Berlin : Als die Filmer laufen lernten

Zur Verleihung des Nachwuchspreis „First Steps“ im Theater am Potsdamer Platz kamen die Größen aus dem deutschen Kino und TV

Andreas Conrad

Von Andreas Conrad

Und dann kam doch alles ganz anders, als zu erwarten war. Noch jeder, der den verstolperten Einzug der Nominierten, der Jurymitglieder, der Organisatoren und vor allem der Gäste der „First Steps“-Gala im Theater am Potsdamer Platz beobachten durfte, hätte doch darauf gewettet, dass Ähnliches, schon um das Gesetz der Serie zu erfüllen, dann auch gleich zu Beginn auf der Bühne sich wiederholen würde. Hat es aber nicht: Weder Moderatorin Jessica Schwarz noch Regisseur und Mitinitiator Nico Hofmann noch auch der Regierende Bürgermeister Klaus Wowereit, der seinen Urlaub extra um einen Tag verkürzt hatte, leisteten sich einen Fehltritt. Kein Stolpern, Straucheln, Hinschlagen. Nur feste Schritte, wohlgesetzte Worte, der eine oder andere Scherz, unzählige „herzliche“ bis „heftige“ Dankeschöns nach verschiedenen Seiten, nicht mal ein Heiterkeit auslösender Lapsus linguae.

Da war es draußen noch ganz anders zugegangen, komisches Pech für die Betroffenen, aber doch irgendwie passend für die Verleihung eines Nachwuchsfilmpreises mit dem Titel „First Steps“. Zu ersten Schritten gehört nun mal, dass sie hin und wieder daneben gehen. War es die erste, die zweite oder die dritte Stufe, die zum Eingang des Theaterbaus hochführte? Lag es daran, dass die Fotografen genau dort postiert waren? Jeder von Bedeutung, aber auch die anderen blinzelte natürlich in die Objektive statt nach unten und – hoppla, schon wieder einer!

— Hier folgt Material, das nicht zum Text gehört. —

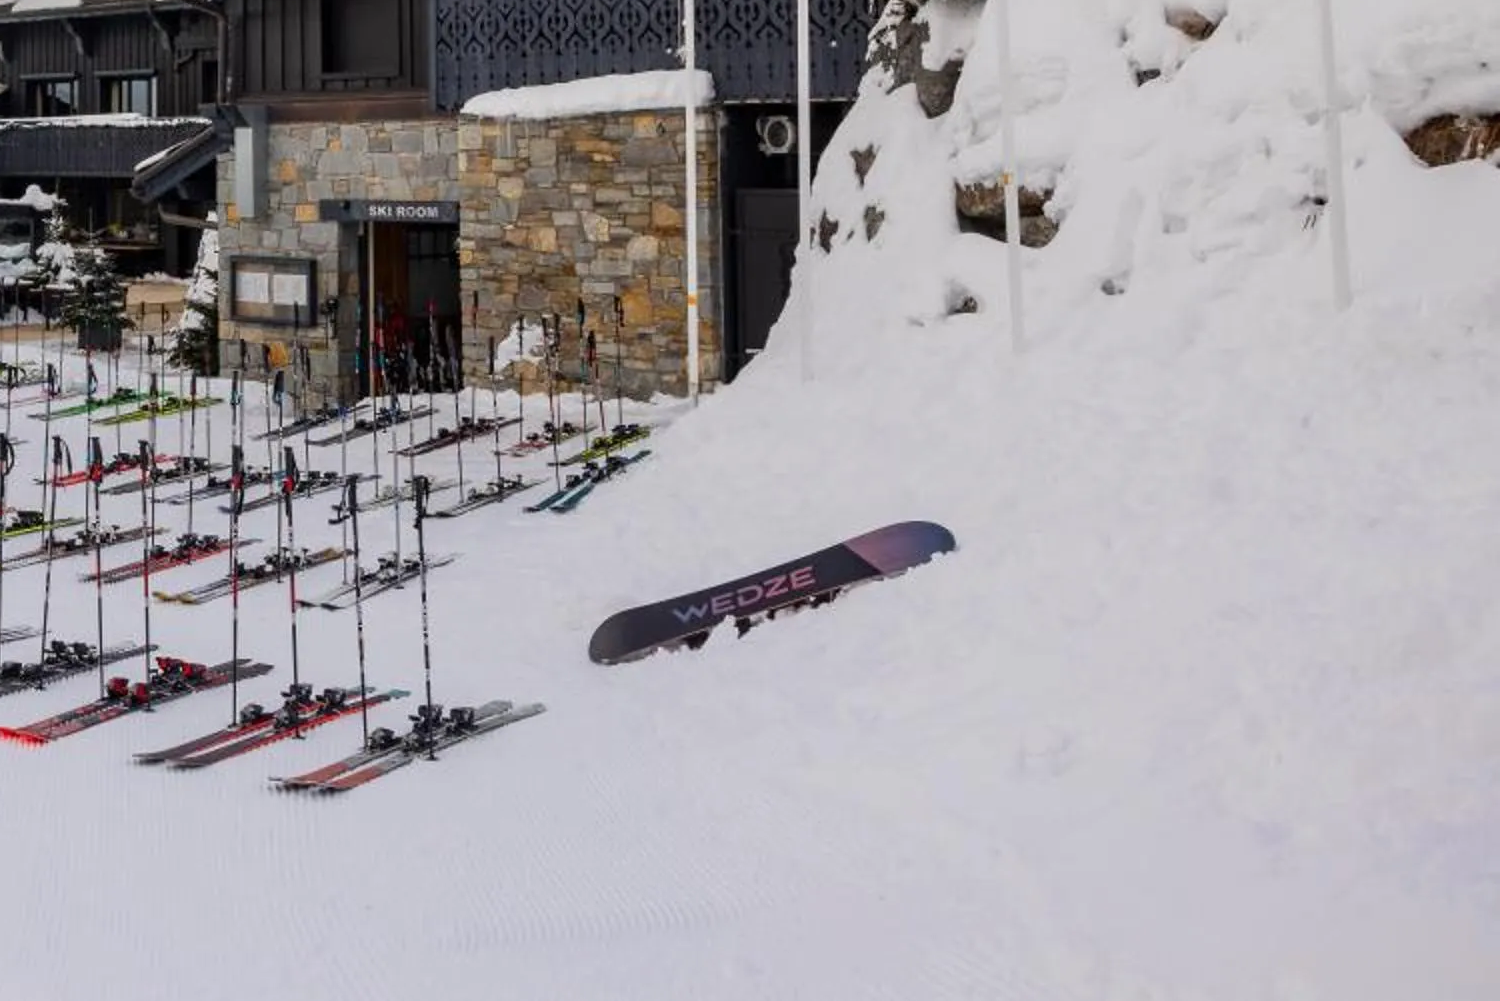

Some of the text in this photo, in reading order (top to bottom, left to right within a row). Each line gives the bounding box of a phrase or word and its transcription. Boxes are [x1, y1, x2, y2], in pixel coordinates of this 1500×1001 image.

[369, 205, 438, 218] SKI ROOM
[673, 565, 817, 623] WEDZE
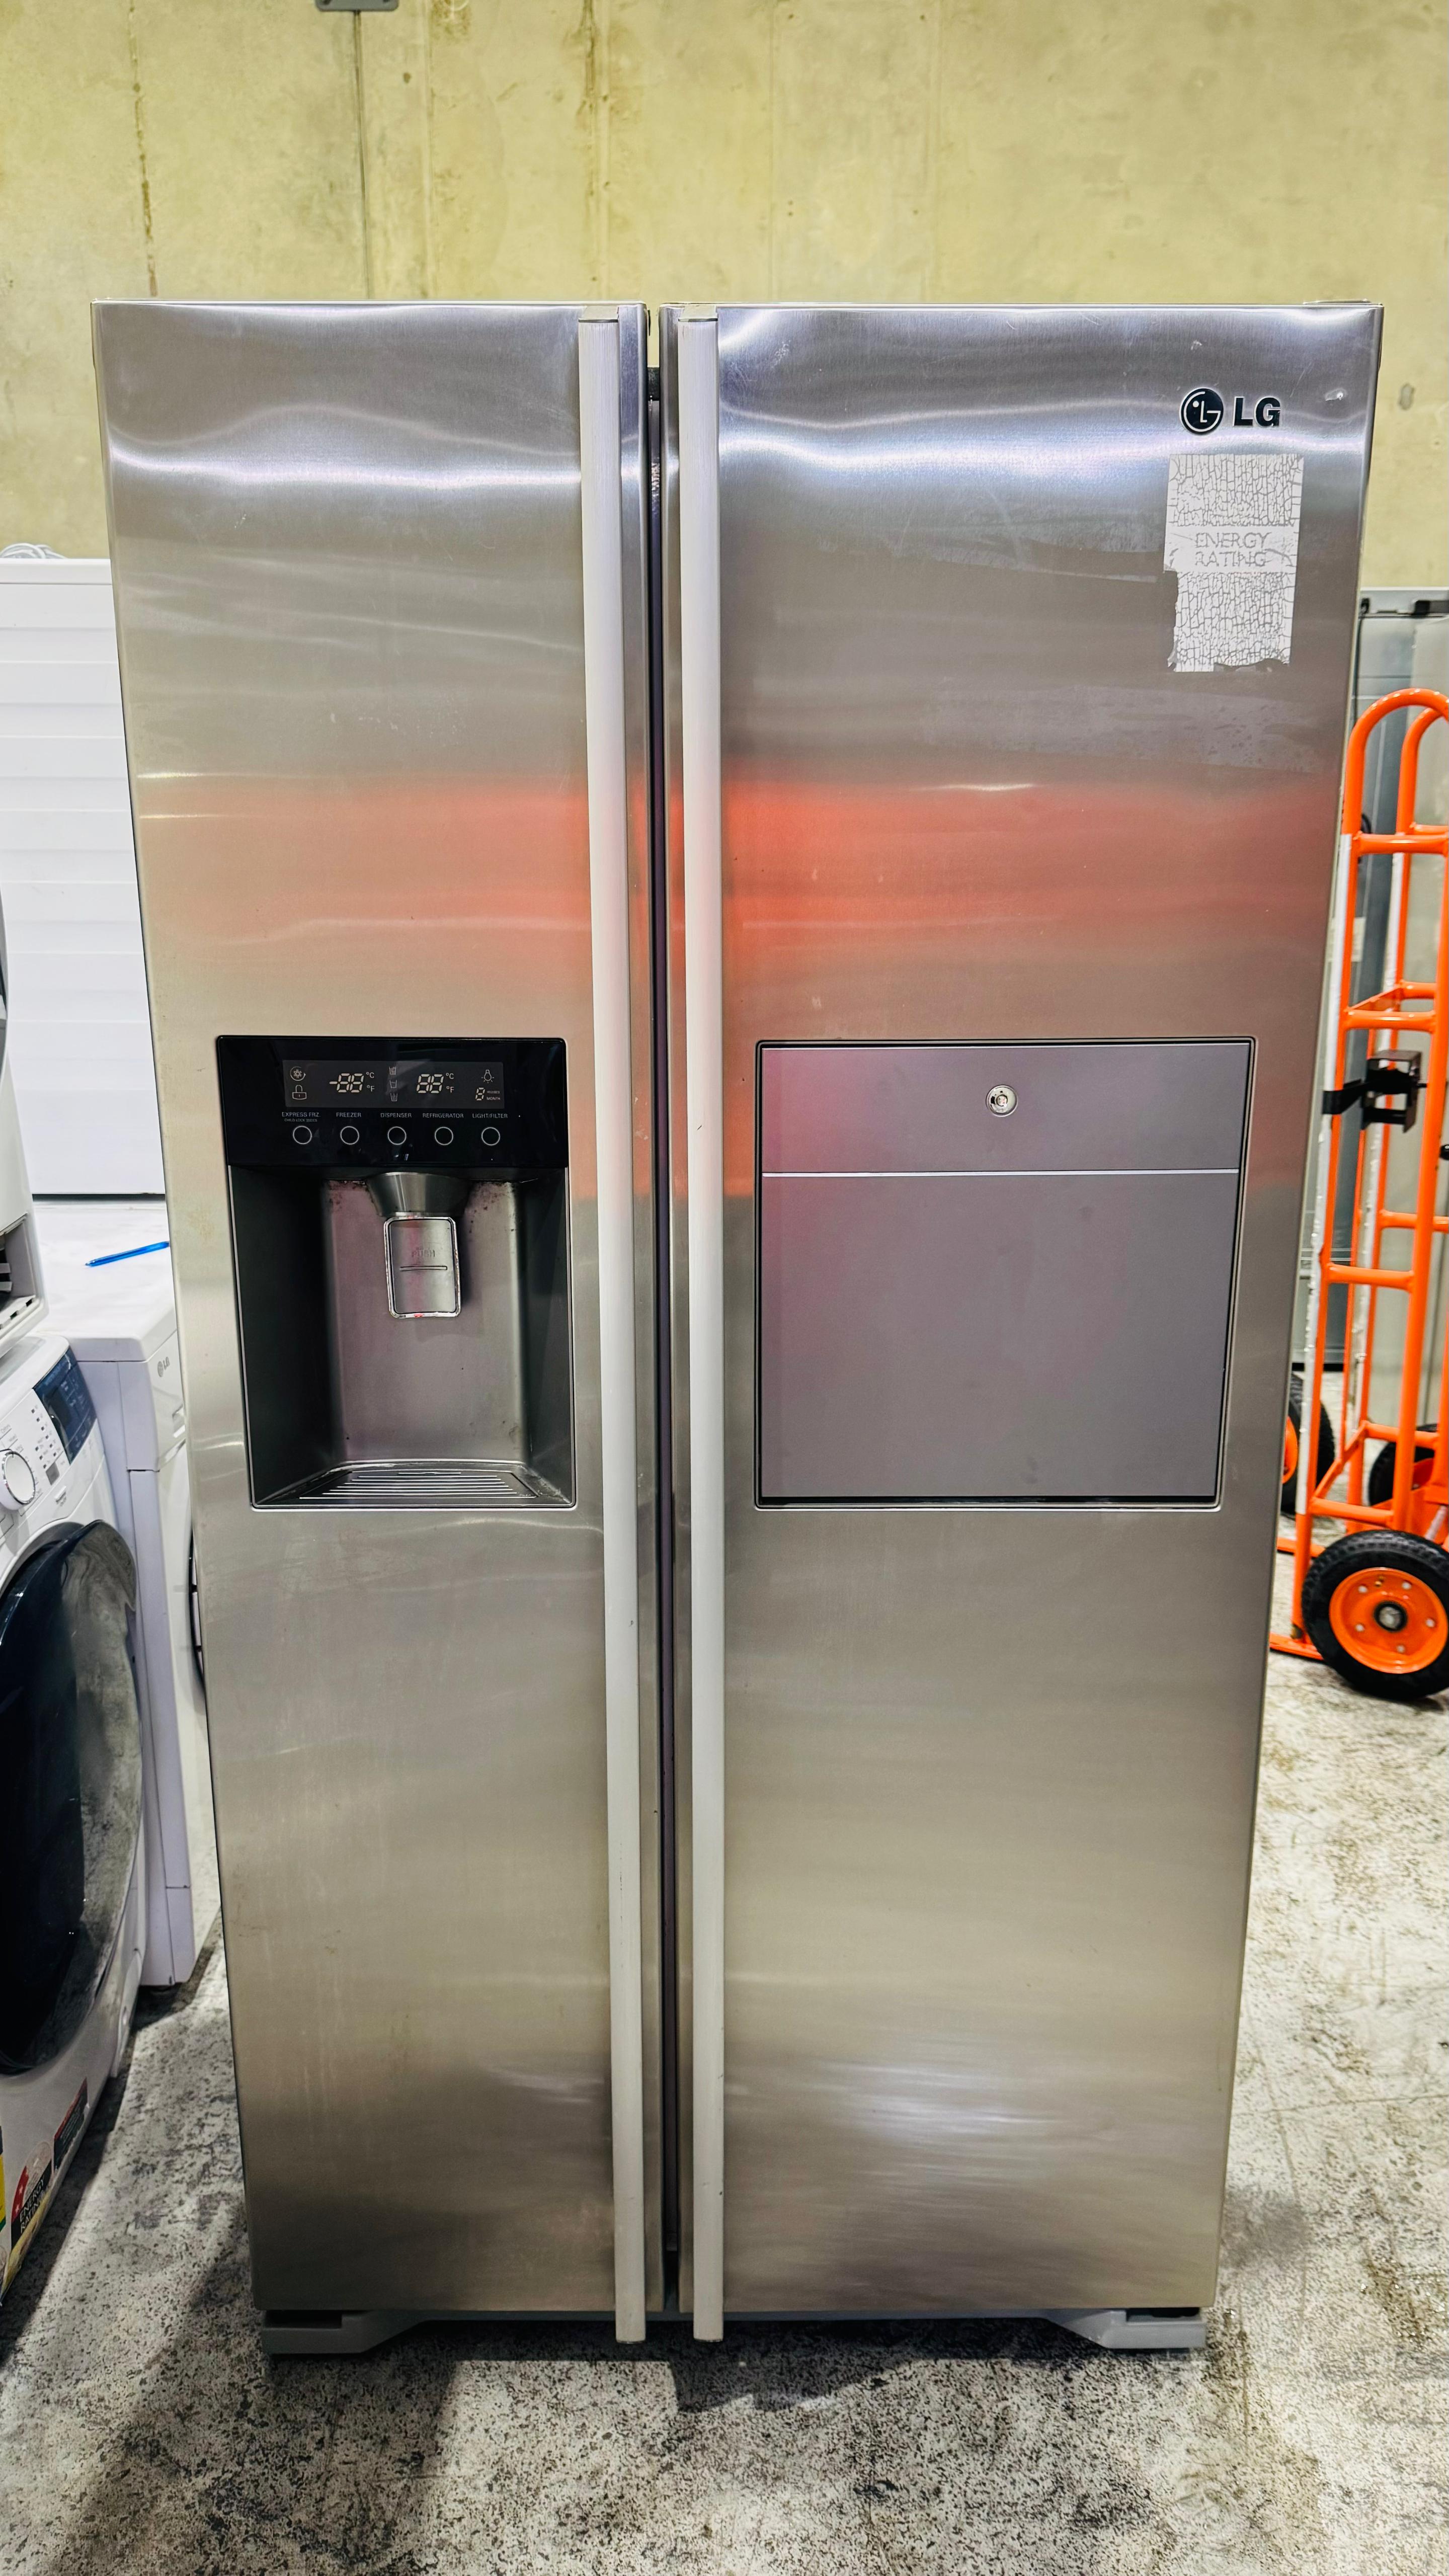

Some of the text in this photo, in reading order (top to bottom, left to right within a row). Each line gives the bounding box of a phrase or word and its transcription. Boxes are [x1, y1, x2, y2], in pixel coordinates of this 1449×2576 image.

[1233, 396, 1281, 427] LG
[1195, 532, 1272, 548] ENERGY
[1195, 551, 1267, 567] RATING
[417, 1074, 444, 1093] 88

Zum vierten Mal bereits wurde der Preis vergeben, eine Initiative von Bernd Eichinger (Constantin Film), Nico Hofmann (teamWorx), J. Justus Schneider (Mercedes-Benz), Martin Hoffmann (Sat 1) und Stefan Aust (Spiegel TV). Alles gestandene Herren, wissend um die Stolpersteine des Geschäfts und entsprechend vorsichtig, trotz mittelschwerer Blitzlichtgewitter, als sie die Szene betraten. Reichlich Laufpublikum hatten sie nicht, der Preis gewinnt zwar an Gewicht, aber viel mehr als zufällige Zaungäste lockt sie noch nicht an. Der Teppich ist auch gar nicht rot, sondern orange, ein Zugeständnis an die Corporate Identity der „First Steps“, zu der nun mal die Farbe Orange gehört.

Obwohl die Ausbeute für die professionellen Promi-Jäger gar nicht mal so klein war. Schon die diversen Jurys für die Kategorien Spiel-, Dokumentar- und Werbefilm hatten einiges zu bieten, den Detlev Buck beispielsweise und den Gerd Ruge, der ganz verdattert schien, was sich da an Geflacker auf ihn entlud. Professioneller in der Selbstdarstellung war da schon Drag Queen Olivia Jones in ihren rosa Strümpfen, die immer wieder eines ihres endlosen Beine anwinkeln („Ich bin doch kein Flamingo“) und die Hände triumphierend zum Himmel strecken musste. Rosa von Praunheim, wieder mal im Silberschuppen-Jackett, hatte gleich Helene Schwarz („Mein neuer Star“) mitgebracht, auch Natalia Wörner, Lisa Martinek und Inga Busch (stolperte!) drehten und wendeten sich sehr willig nach allen Seiten.

Das Wichtigste dann kurz nach acht: die Filme. Immer in kleinen Appetithappen, vorneweg die Kurzfilme, bei den „Tube Swapper“ von Meike Walcha (Kunsthochschule für Medien Köln) gewann. Dazwischen immer Jessica Schwarz mit modisch vorgeschnalltem Mikro und einem sinnverwirrenden Kleid. Nicht dass es zuviel Haut gezeigt hätte, im Gegenteil. Aber dieses Gewimmel weißer Gebirge auf schwarzem Grund mit roter Sonne – ein Stolperstein fürs Auge.